February 28, 2024

John Podesta’s elevation to become the US’s top climate diplomat has been welcomed by environmental groups but the stakes, as well as the scope of the job itself, are set to be enormous.

Podesta, the veteran Democratic party strategist, has been chosen by Joe Biden to lead his administration’s international climate policy efforts, replacing John Kerry, the US climate envoy who will step down at some point this spring.

Kerry’s successor appears ready-made. A seasoned Washington operator well versed in the politics of the climate crisis, Podesta has, since last year, headed the White House’s effort to implement the Inflation Reduction Act, the landmark climate legislation that funnels billions of dollars to proliferate renewable energy projects and electric vehicles.

“John Podesta is uniquely qualified to lead the nation’s climate diplomacy in this critical moment,” said Manish Bapna, chief executive of the Natural Resources Defense Council. “He knows the people, the politics and what must be done to confront the existential challenge of our time.” Patrick Gaspard, chief executive of the Center for American Progress, a liberal thinktank founded by Podesta, praised the strategist’s “unparalleled” work ethic and passion for shifting the world away from fossil fuels.

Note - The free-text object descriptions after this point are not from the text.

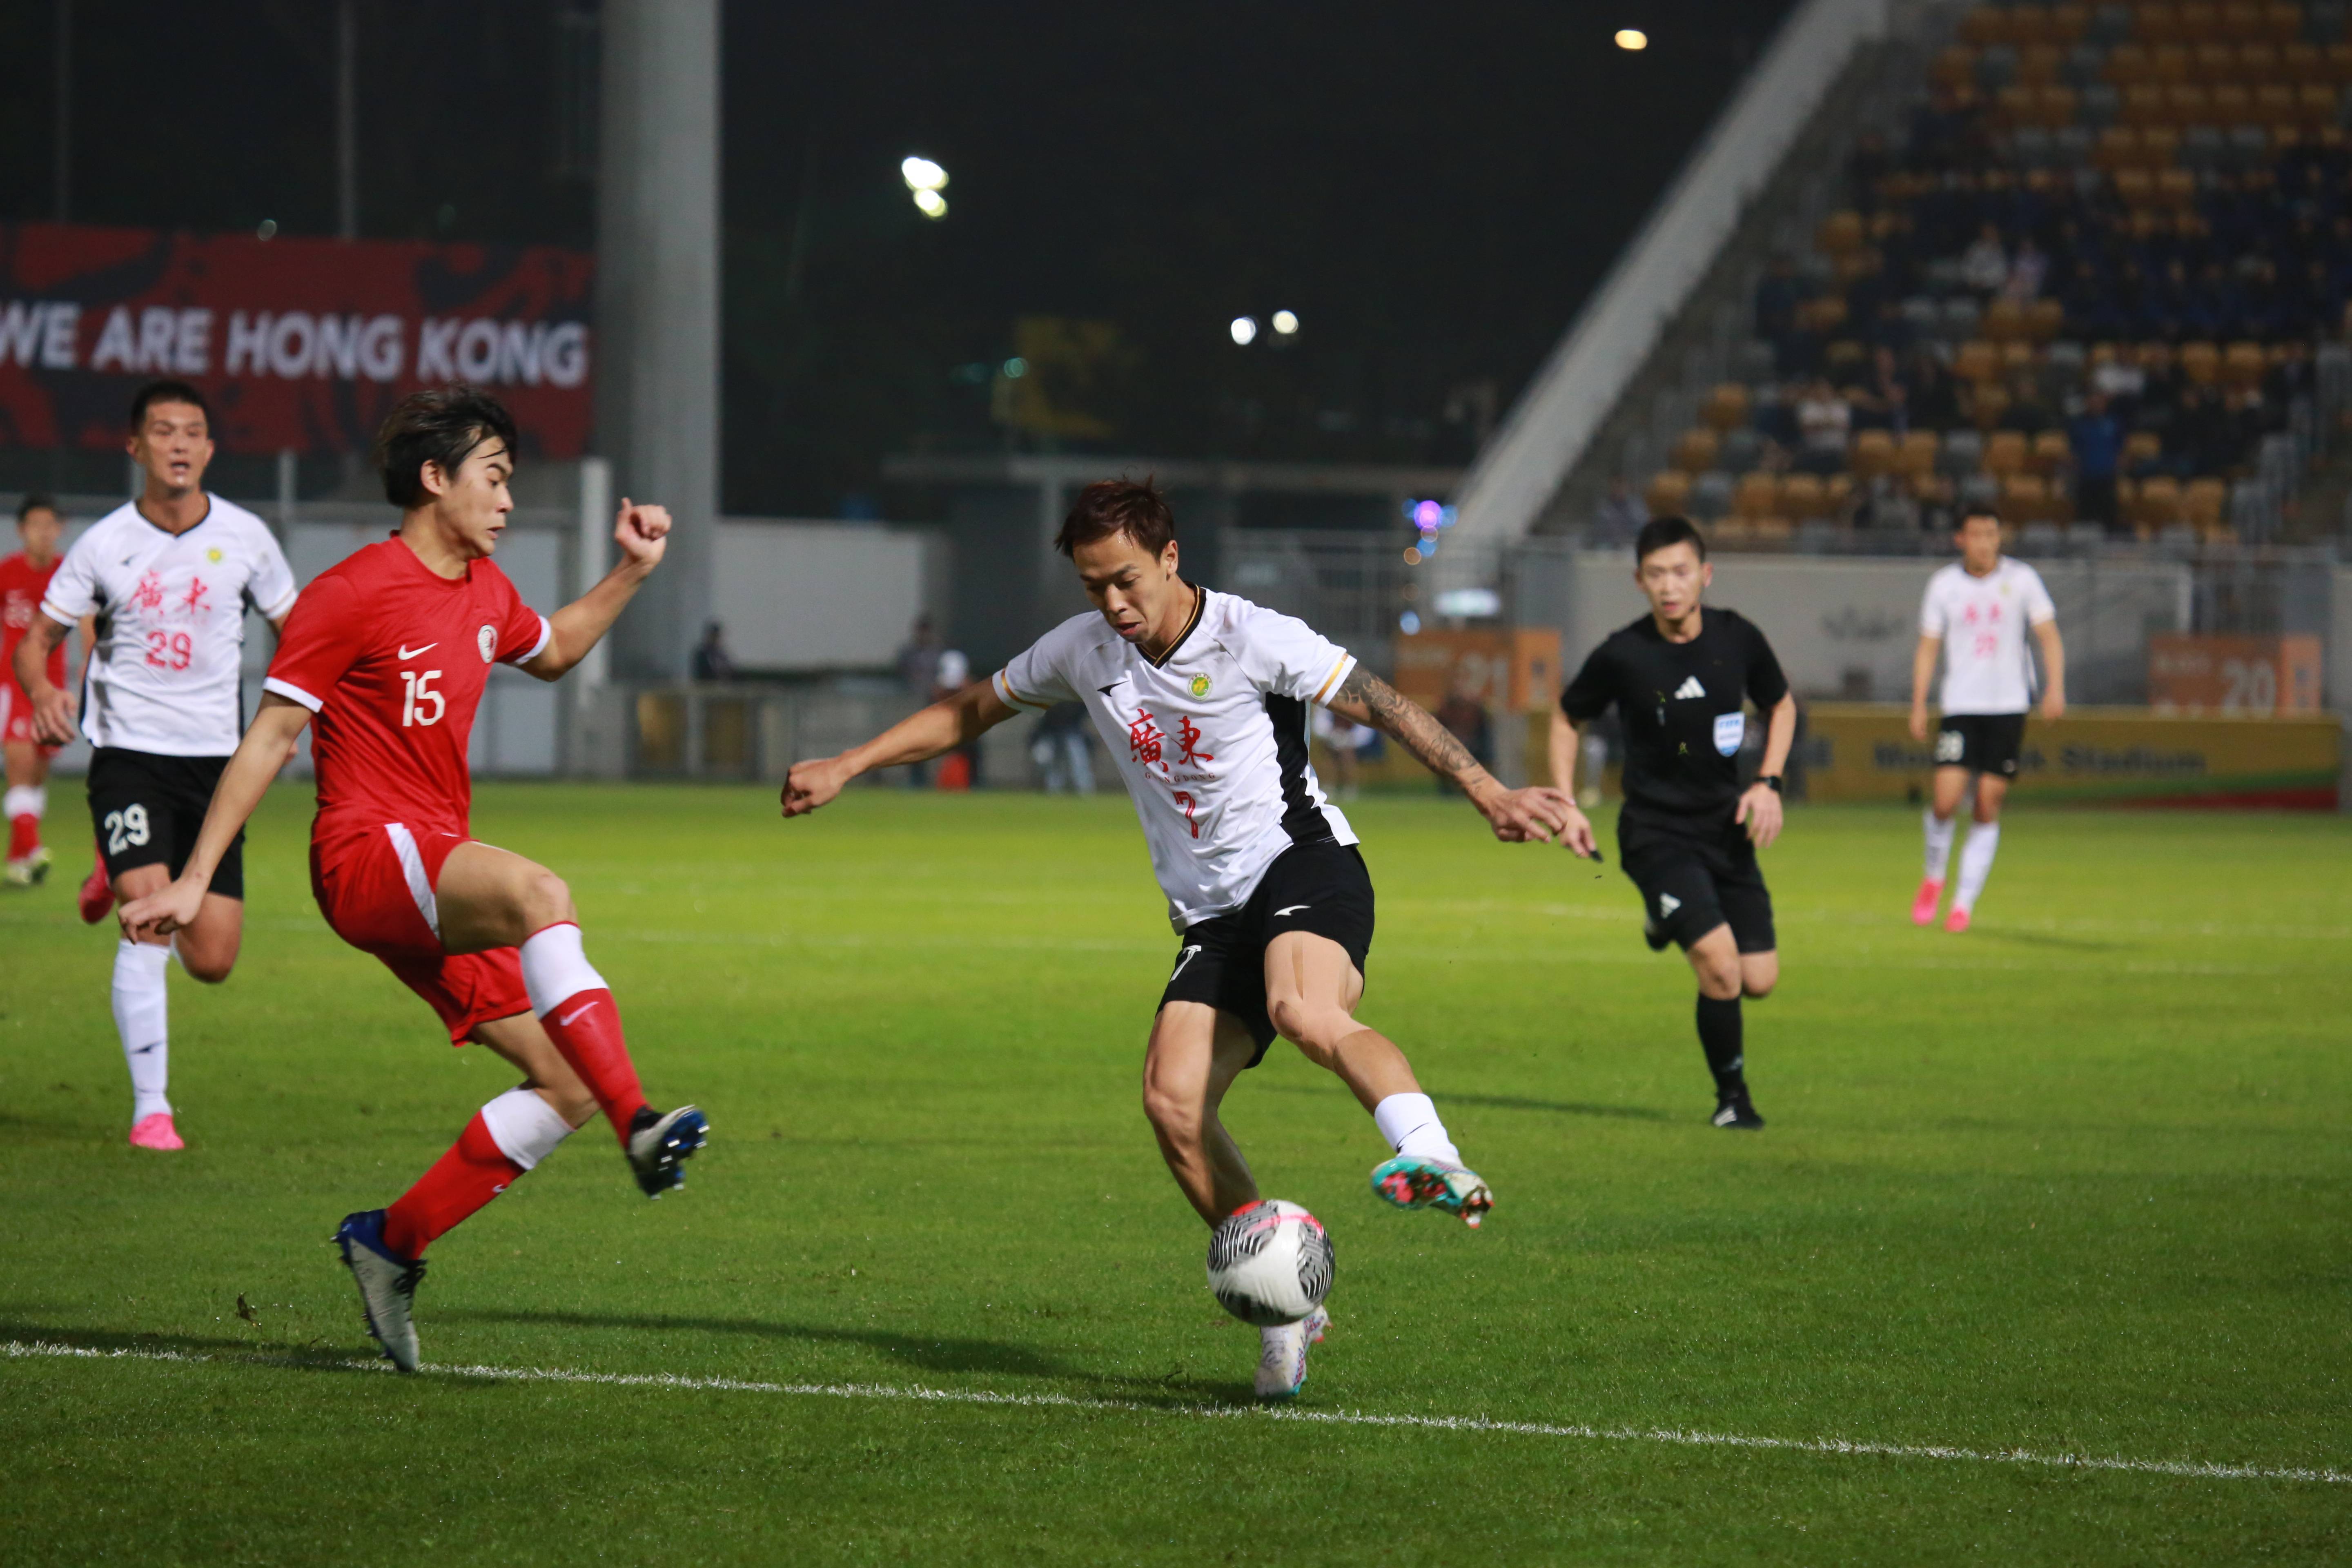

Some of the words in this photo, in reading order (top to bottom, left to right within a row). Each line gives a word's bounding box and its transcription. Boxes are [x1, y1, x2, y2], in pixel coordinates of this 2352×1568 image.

[0, 300, 81, 369] WE
[92, 304, 213, 375] ARE
[225, 310, 404, 383] HONG
[416, 316, 588, 388] KONG
[145, 631, 192, 670] 29
[400, 670, 445, 727] 15
[2221, 657, 2276, 719] 20
[1127, 708, 1214, 773] 廣東
[105, 803, 151, 855] 29
[1173, 791, 1199, 839] 7
[1169, 944, 1202, 982] 7

Podesta, a spry 75-year-old and avid cook, was raised in Chicago and has a political career that stretches back to 1972, when he worked on George McGovern’s unsuccessful presidential campaign. He co-founded a Washington lobbying firm with his brother, Tony, and went on to become chief of staff to Bill Clinton during his second term as president, where Podesta started grappling with climate change issues.

The association with Democratic heavyweights continued after Clinton left office, with Podesta becoming Barack Obama’s climate adviser, before being named as campaign chairman for Hillary Clinton’s ill-starred attempt to win the White House in 2016. This latter role, infamously, saw Podesta’s emails be hacked and leaked by WikiLeaks, which led to a baseless conspiracy theory that the emails contained coded references to a pedophilia ring centered upon a pizzeria in Washington.

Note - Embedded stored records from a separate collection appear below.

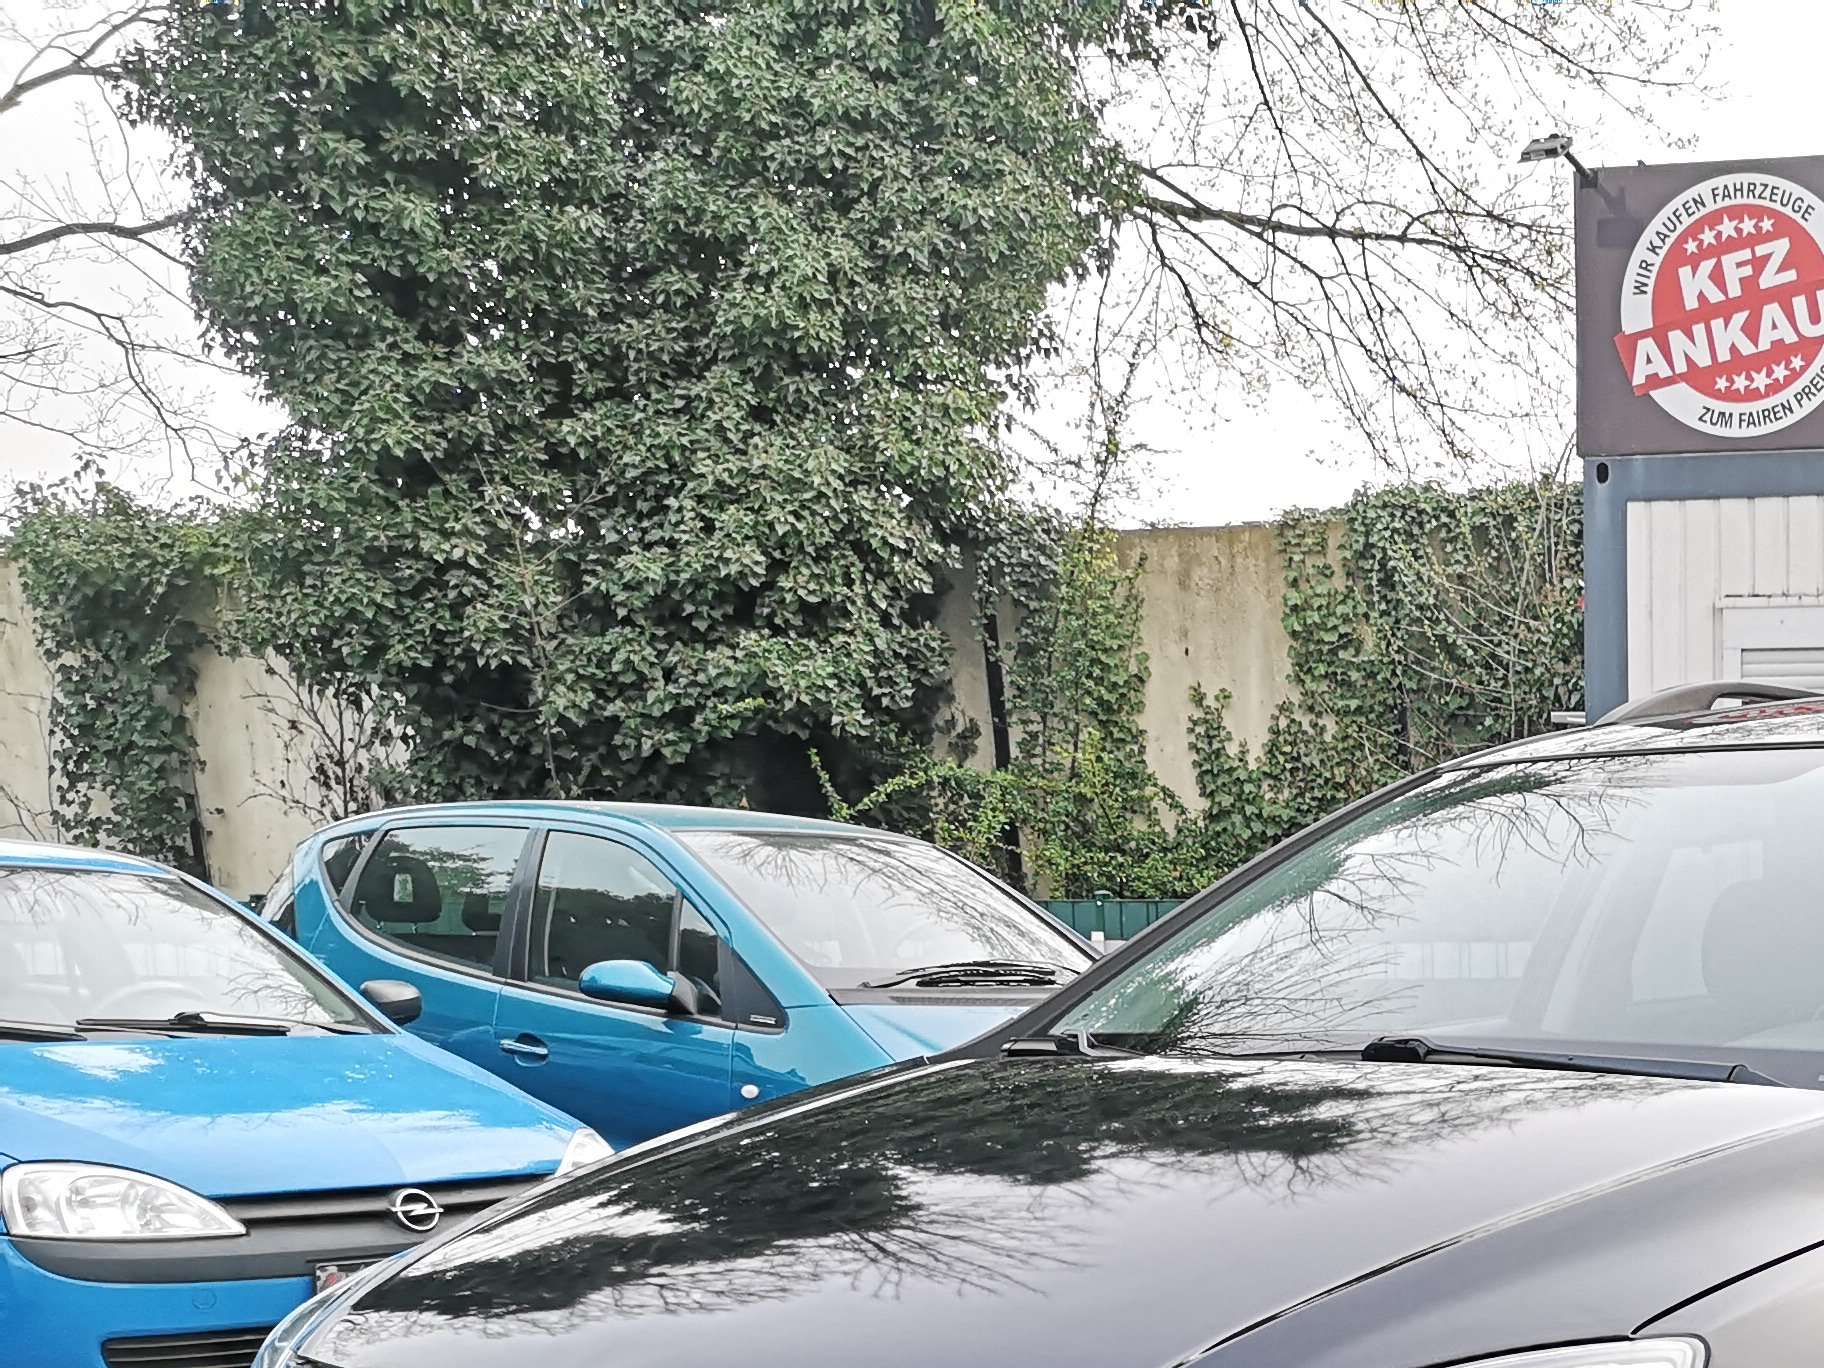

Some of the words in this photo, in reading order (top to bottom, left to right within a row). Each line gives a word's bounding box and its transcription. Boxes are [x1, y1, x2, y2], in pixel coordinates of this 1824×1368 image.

[1632, 260, 1656, 296] WIR
[1651, 193, 1706, 254] KAUFEN
[1711, 181, 1816, 223] FAHRZEUGE
[1677, 237, 1798, 311] KFZ
[1698, 405, 1734, 430] ZUM
[1738, 399, 1794, 429] FAIREN

The White House said that Podesta would be Biden’s voice on climate overseas and that he would dedicate a “significant amount of time” to climate diplomacy. However, Podesta will also retain his role in driving forward the domestic clean energy rollout, which is arguably a full-time job in itself.

Podesta will remain in the White House, rather than move to the state department, with his role officially being international climate policy adviser to the president, rather than climate envoy, in order to sidestep a potentially fraught Senate confirmation process.

With a US presidential election looming in November, Podesta will probably travel abroad far less than Kerry, who zigzagged across the world trying to forge agreements with other countries to cut emissions, and will be expected to highlight the climate efforts of Biden, who has struggled with younger, climate-conscious voters.

“He’s going to do everything he can in the campaign to be able to make [climate] a key issue, and I’m going to do everything I can to help the president be able to be re-elected,” said Kerry, who is leaving his role to work on Biden’s campaign.

Podesta’s dual role has prompted fears from some climate activists that he will be more focused on the effort to beat Donald Trump, the likely Republican nominee, in November rather than work with other countries to press forward last year’s Cop28 agreement, in which governments agreed to “transition away” from fossil fuels.

The appointment “casts a shadow of doubt over the United States’ commitment to global climate leadership”, said Harjeet Singh, a veteran climate campaigner who predicted that Podesta will “tread even more cautiously on the international stage” than Kerry.

Both at home and abroad, the challenge faced by Podesta is immense. Oil and gas production in the US hit a record high last year, amid a surge in new fossil fuel projects planned around the world. This year has a good chance of being the hottest on record, eclipsing a record just set in 2023, and scientists warn the world is barreling beyond agreed temperature limits, risking worsening heatwaves, floods, droughts and other impacts.

Environmentalists have sought to warn Podesta that time is running short. “Podesta needs to take the baton from Kerry and lead the US on a furious sprint to end oil and gas expansion while we still have time to prevent the worst climate catastrophes,” said Jean Su, director of the Center for Biological Diversity’s energy justice program.